Ortiz hanya bisa mengangguk, merasa tersentuh oleh cara Krisan melihat dunia. Dalam hatinya, Ortiz merasakan kehangatan yang berbeda, perasaan yang tidak biasa ketika berada di dekat seseorang. Krisan tidak hanya ramah dan perhatian, tetapi juga memiliki kedalaman dalam caranya melihat sesuatu, dan itu membuat Ortiz semakin terpesona.

Setelah keluar dari toko buku, mereka melanjutkan jalan-jalan ke sebuah kafe kecil yang terletak di atas bukit. Kafe ini terkenal dengan pemandangan kota yang indah, terutama saat senja tiba. Krisan, yang sudah beberapa kali ke tempat ini, memilih tempat duduk di luar, di mana mereka bisa menikmati pemandangan matahari yang mulai tenggelam di balik cakrawala.

Sambil menikmati minuman hangat, Krisan dan Ortiz berbincang tentang banyak hal—mulai dari cita-cita mereka hingga hal-hal kecil yang mereka sukai. Krisan dengan bijak mendengarkan setiap kata yang diucapkan Ortiz, membuat Ortiz merasa nyaman untuk membuka diri.

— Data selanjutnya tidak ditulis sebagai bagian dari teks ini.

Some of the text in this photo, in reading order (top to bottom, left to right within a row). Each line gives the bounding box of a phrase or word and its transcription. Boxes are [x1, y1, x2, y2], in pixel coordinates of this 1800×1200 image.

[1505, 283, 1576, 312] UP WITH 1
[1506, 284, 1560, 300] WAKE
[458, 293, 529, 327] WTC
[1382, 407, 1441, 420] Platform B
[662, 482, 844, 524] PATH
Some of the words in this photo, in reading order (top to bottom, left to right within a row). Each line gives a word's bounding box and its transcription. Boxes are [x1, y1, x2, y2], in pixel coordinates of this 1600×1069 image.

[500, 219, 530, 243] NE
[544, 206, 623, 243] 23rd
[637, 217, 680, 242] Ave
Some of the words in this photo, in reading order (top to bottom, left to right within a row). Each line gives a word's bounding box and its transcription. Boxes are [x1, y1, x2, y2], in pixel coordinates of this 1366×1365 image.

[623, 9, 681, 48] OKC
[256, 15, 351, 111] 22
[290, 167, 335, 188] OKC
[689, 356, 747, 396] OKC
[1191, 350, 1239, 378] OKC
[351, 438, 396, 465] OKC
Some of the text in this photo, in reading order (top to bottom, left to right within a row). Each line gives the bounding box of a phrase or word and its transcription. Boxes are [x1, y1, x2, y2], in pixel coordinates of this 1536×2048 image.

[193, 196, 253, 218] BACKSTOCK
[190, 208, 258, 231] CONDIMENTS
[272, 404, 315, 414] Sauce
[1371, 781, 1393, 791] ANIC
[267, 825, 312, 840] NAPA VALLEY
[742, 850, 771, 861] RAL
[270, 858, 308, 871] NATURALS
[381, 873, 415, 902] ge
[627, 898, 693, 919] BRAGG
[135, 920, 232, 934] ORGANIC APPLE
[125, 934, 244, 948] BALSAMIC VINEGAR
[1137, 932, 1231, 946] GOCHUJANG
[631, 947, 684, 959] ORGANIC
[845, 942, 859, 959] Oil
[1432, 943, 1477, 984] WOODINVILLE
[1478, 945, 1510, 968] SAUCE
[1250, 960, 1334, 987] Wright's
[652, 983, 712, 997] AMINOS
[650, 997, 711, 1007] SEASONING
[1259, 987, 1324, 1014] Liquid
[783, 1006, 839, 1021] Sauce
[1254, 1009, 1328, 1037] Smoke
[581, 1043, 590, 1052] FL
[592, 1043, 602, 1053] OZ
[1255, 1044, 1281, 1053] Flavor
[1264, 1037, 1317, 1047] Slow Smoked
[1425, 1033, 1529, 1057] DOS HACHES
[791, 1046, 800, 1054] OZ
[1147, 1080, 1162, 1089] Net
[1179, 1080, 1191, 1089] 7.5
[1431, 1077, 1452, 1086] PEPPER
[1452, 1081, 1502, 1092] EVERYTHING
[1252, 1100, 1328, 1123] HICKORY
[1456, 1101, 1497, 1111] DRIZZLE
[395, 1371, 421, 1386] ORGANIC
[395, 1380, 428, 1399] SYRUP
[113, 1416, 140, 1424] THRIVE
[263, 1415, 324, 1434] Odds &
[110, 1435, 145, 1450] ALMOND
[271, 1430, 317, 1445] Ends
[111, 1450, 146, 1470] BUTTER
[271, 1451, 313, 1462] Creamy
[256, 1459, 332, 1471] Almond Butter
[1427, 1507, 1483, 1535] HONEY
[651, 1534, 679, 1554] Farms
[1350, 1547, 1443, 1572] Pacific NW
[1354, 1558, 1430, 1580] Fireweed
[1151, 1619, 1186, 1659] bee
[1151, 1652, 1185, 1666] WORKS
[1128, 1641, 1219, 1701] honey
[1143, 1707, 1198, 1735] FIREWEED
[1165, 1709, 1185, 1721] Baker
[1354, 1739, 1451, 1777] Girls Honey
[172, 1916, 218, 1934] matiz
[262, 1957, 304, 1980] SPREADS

Ketika malam mulai menjelang, dengan langit yang dihiasi bintang-bintang pertama, Krisan menoleh ke arah Ortiz dan berkata, "Aku senang kita bisa habiskan waktu bersama hari ini. Semoga kita bisa lebih sering jalan bareng kayak gini, ya."

Ortiz, yang biasanya canggung, kali ini merasa lebih berani. Ia menatap Krisan dan tersenyum kecil, "Aku juga, Kak. Ini hari yang menyenangkan. Terima kasih."

Saat itu, Ortiz menyadari bahwa perasaan yang tumbuh di hatinya bukan hanya sekadar kagum atau terkesan. Ia benar-benar jatuh hati pada sosok Krisan—bukan sebagai kakak, tapi sebagai seseorang yang mampu membuatnya merasa istimewa. Namun, rasa suka ini juga membuatnya bingung, karena ia tak yakin apakah Krisan merasakan hal yang sama. Atau semua ini hanya karena Krisan bersikap sopan sebagai sosok Kakak yang baru di keluarga baru.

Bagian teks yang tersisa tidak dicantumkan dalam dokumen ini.